Introducing: Elasticsearch with Azure File storage

By Hans Krijger Senior Software Engineer, Azure Linux

Introducing: Elasticsearch with Azure File storage • 4 min read

Posted on February 18, 2016
4 min read

The Azure Quickstart Templates are a great resource for getting started with template based deployments for many different technologies, including Elasticsearch. Just recently we made some improvements to the Elasticsearch template that enable you to create a pre-configured Elasticsearch cluster which stores data on Azure File storage, and provides you with the option of installing plugins like Sense, Marvel and Kibana, all in just a few minutes.

If you are not familiar with Azure Files, this service offers shared storage using the SMB protocol via mounted shares. This storage is accessible in the same region to any number of virtual machines or roles, and is supported in both Windows and Linux. For more information, take a look at this introduction to Azure File storage.

Since mounting and un-mounting shares is quick and can be done while the system is live, Azure Files give us a way to easily decouple compute and storage, which opens up a lot of exciting possibilities with a technology like Elasticsearch. In particular, shadow replicas indices allow us to make use of this shared filesystem with several attractive optimizations:

Only a single copy of the data is indexed; replicas are replaced with shadow replicas
Recovery consists of another node taking ownership of a shard, rather than creating another copy
Rebalancing or redistributing data across more or fewer nodes becomes a lightweight operation

Trying out this new functionality is trivial with the improved Azure Resource Manager template.
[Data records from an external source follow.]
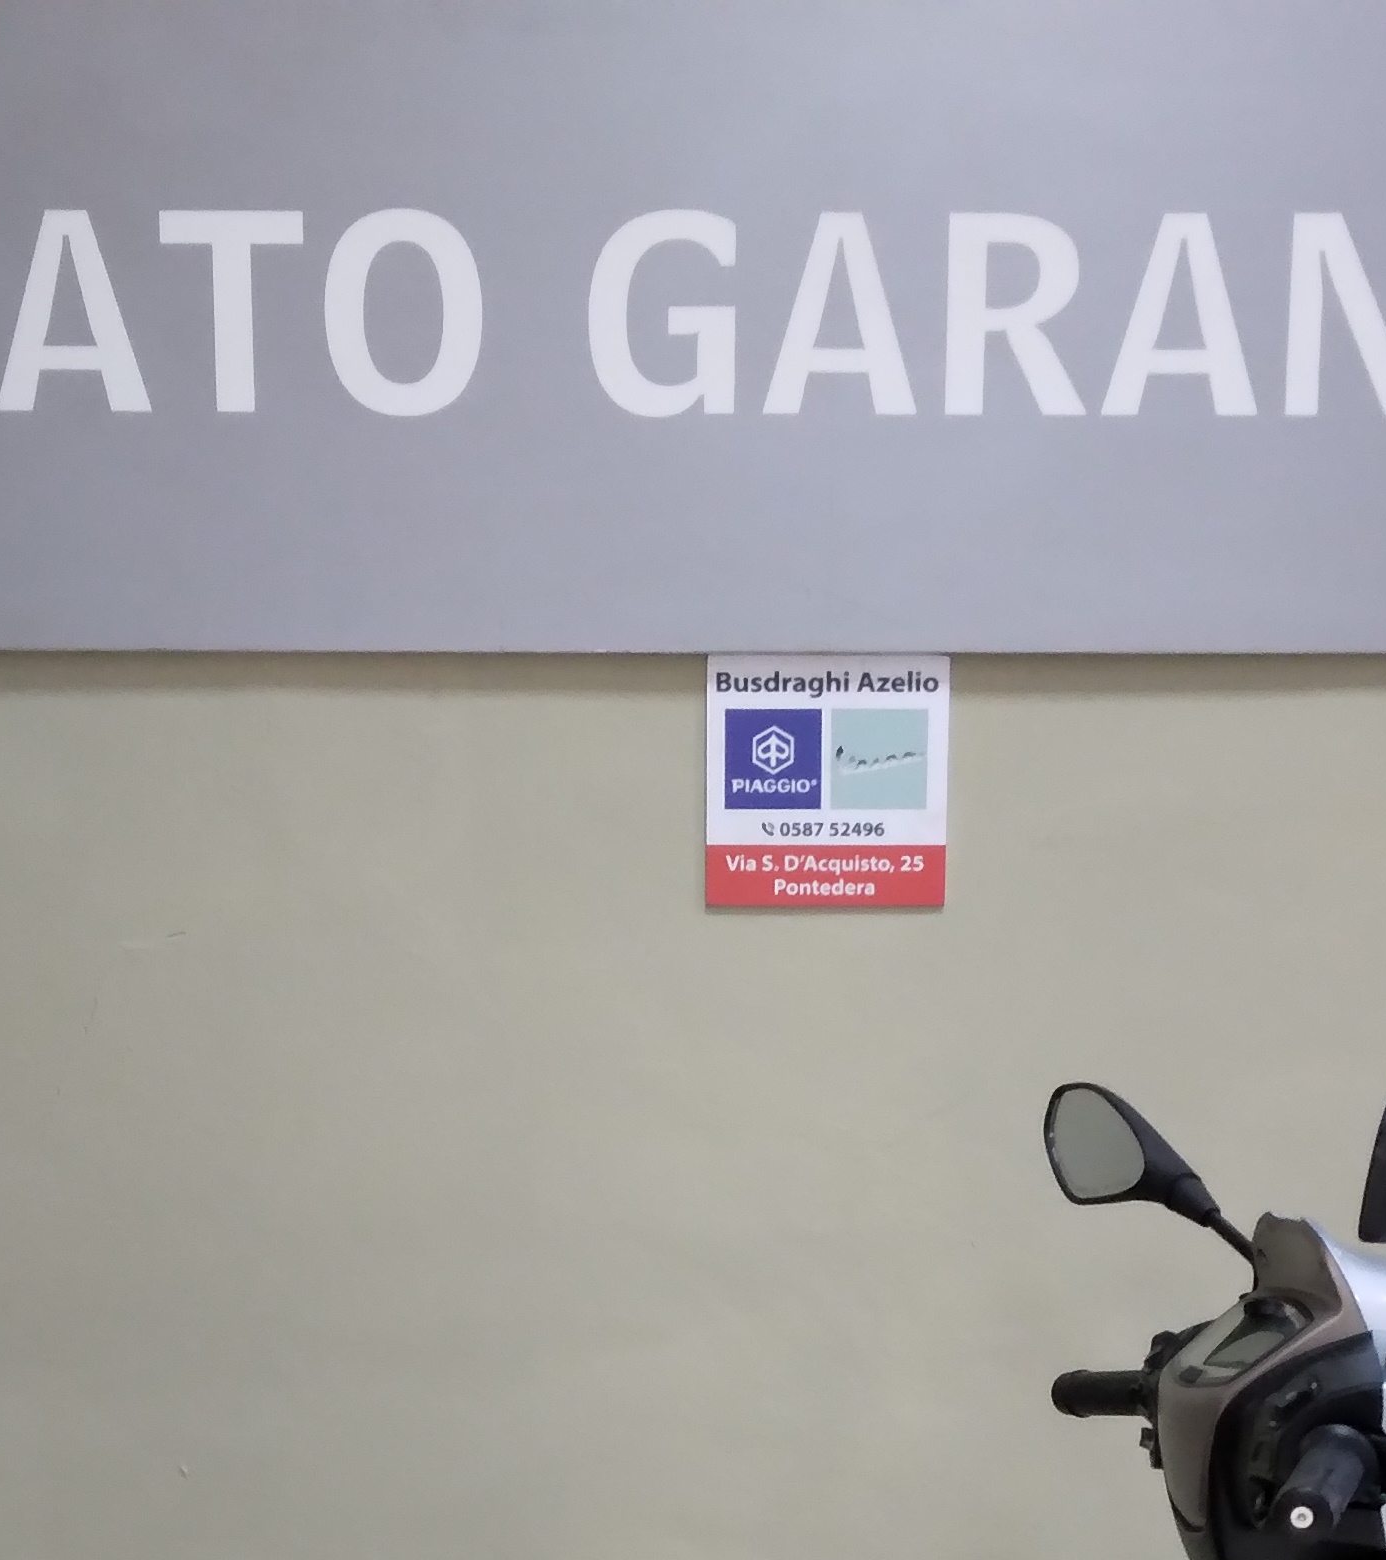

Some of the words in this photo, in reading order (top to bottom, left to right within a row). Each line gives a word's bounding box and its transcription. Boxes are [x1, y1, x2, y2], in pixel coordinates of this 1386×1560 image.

[715, 671, 850, 698] Busdraghi
[857, 671, 940, 693] Azelio
[731, 778, 810, 794] PIAGGIO
[779, 822, 824, 837] 0587
[829, 822, 885, 837] 52496
[726, 855, 756, 872] Via
[762, 855, 780, 872] S.
[784, 855, 895, 875] D'Acquisto,
[900, 855, 924, 872] 25
[774, 879, 875, 896] Pontedera
In this article we will go through a simple example to get you up and running with Elasticsearch on Azure File storage.

Deployment

After selecting Deploy to Azure in the Elasticsearch template, you will need to provide some parameters to the deployment. If unsure, use the default values to get started.

Introducing: Elasticsearch with Azure File storage

Some of the parameters are explained in more detail below.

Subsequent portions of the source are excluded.